▶ **EXERCISE BRIEF**
Which lines run from the one containing "Some of the words" to the end of the entries? Copy them exactly, both ends included, and give nothing else.

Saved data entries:
*** Begin section ***

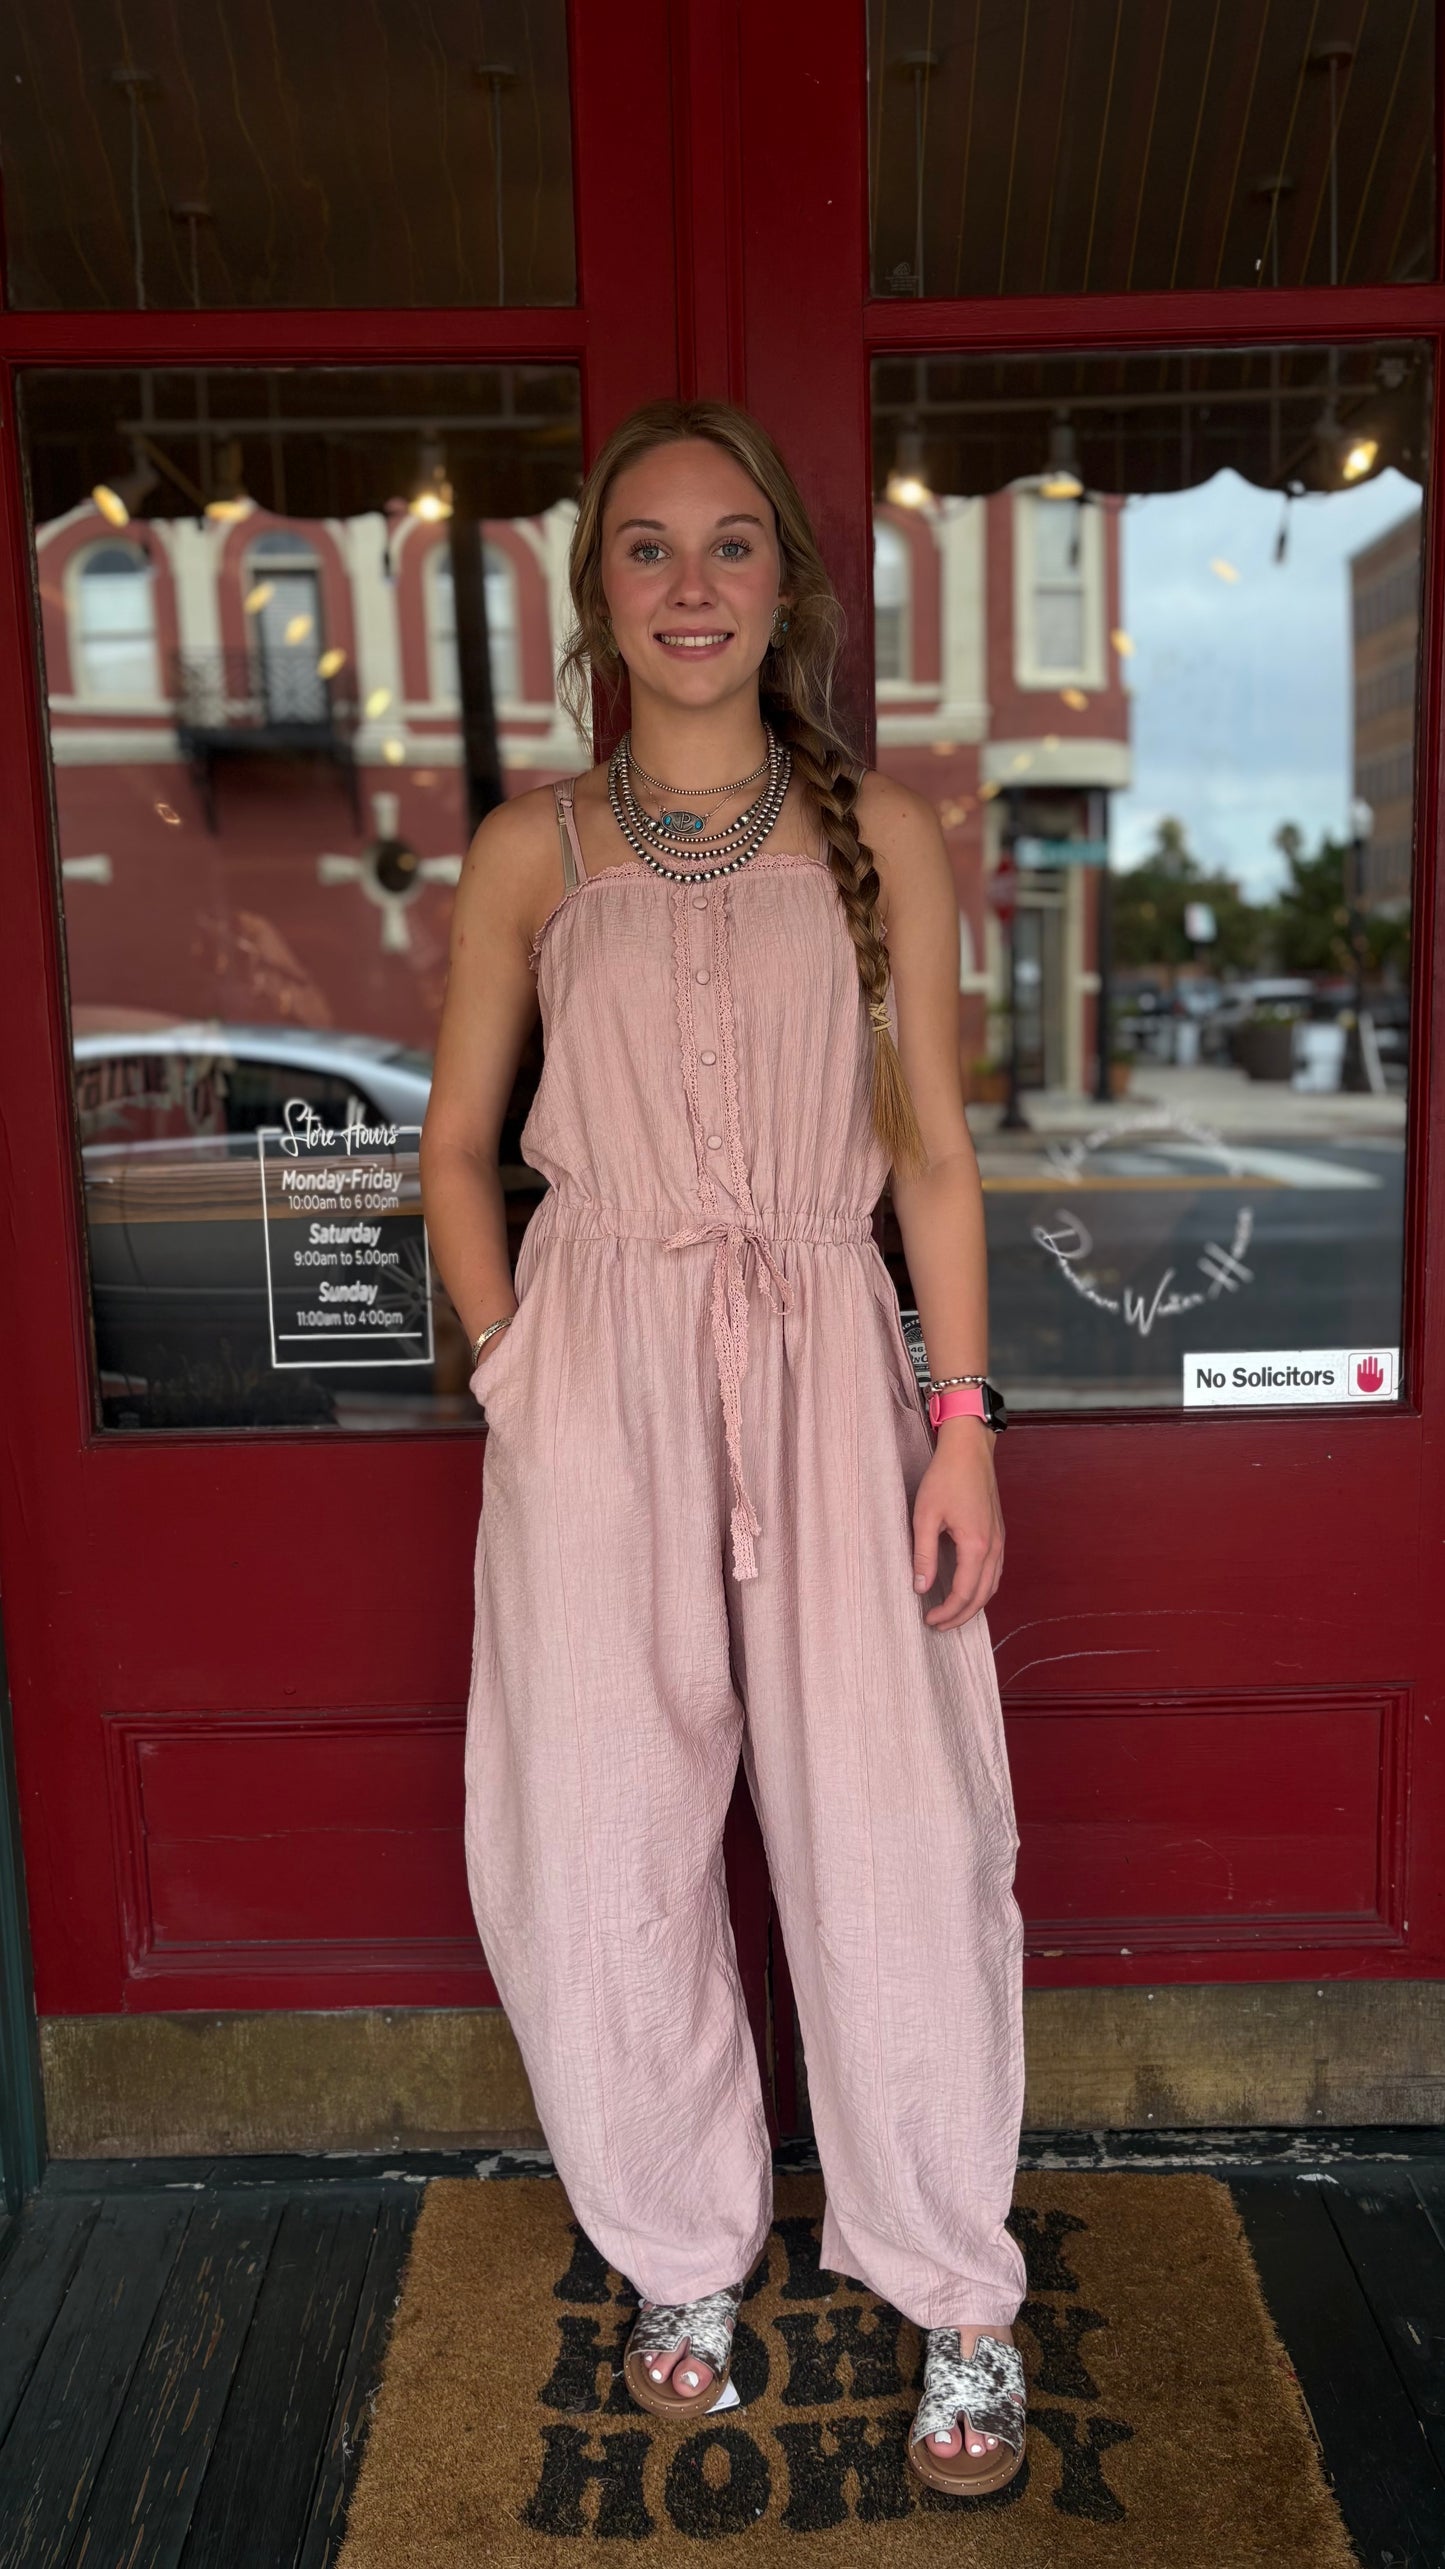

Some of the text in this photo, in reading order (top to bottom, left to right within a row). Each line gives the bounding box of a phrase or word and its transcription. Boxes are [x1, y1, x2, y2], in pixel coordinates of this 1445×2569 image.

[280, 1096, 399, 1157] Store Hours
[281, 1167, 402, 1194] Monday-Friday
[288, 1194, 337, 1210] 10:00am
[340, 1196, 352, 1209] to
[308, 1222, 381, 1247] Saturday
[294, 1250, 338, 1266] 9:00am
[340, 1251, 353, 1265] to
[318, 1280, 378, 1305] Sunday
[343, 1311, 356, 1325] to
[1196, 1366, 1335, 1388] No Solicitors
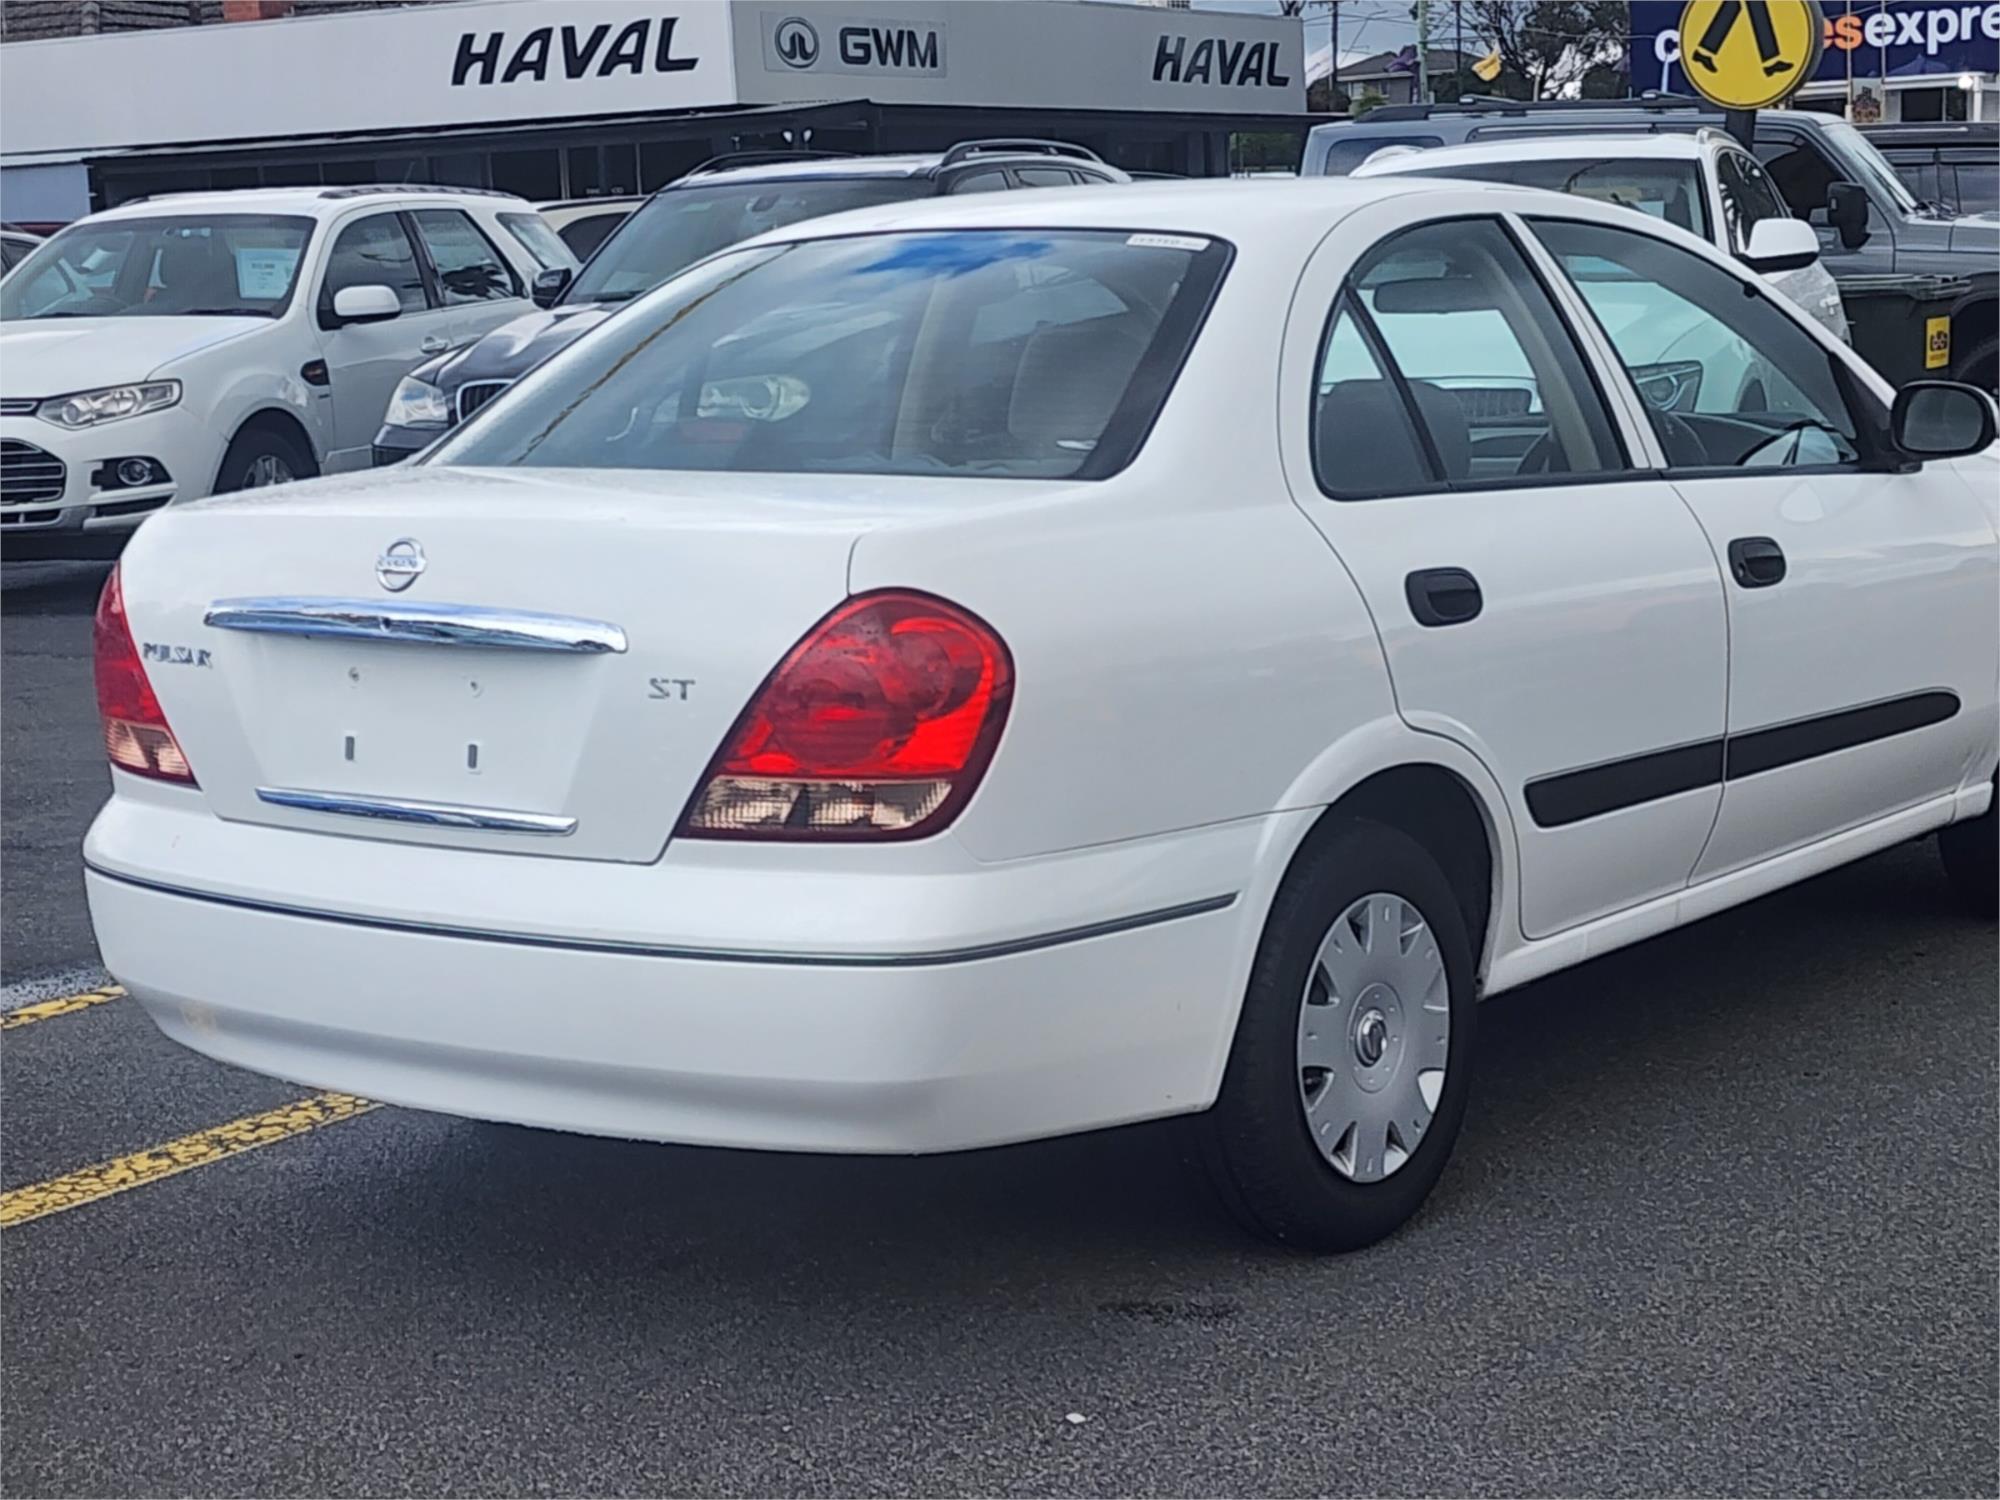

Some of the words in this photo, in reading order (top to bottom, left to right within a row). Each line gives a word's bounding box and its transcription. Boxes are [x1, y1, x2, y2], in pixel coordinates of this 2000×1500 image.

[450, 16, 700, 86] HAVAL
[838, 26, 939, 69] GWM
[1151, 34, 1291, 88] HAVAL
[647, 677, 697, 701] ST

*** End section ***

▶ **ANSWER SPACE**
Some of the words in this photo, in reading order (top to bottom, left to right within a row). Each line gives a word's bounding box and its transcription. Boxes are [x1, y1, x2, y2], in pixel coordinates of this 2000×1500 image.

[450, 16, 700, 86] HAVAL
[838, 26, 939, 69] GWM
[1151, 34, 1291, 88] HAVAL
[647, 677, 697, 701] ST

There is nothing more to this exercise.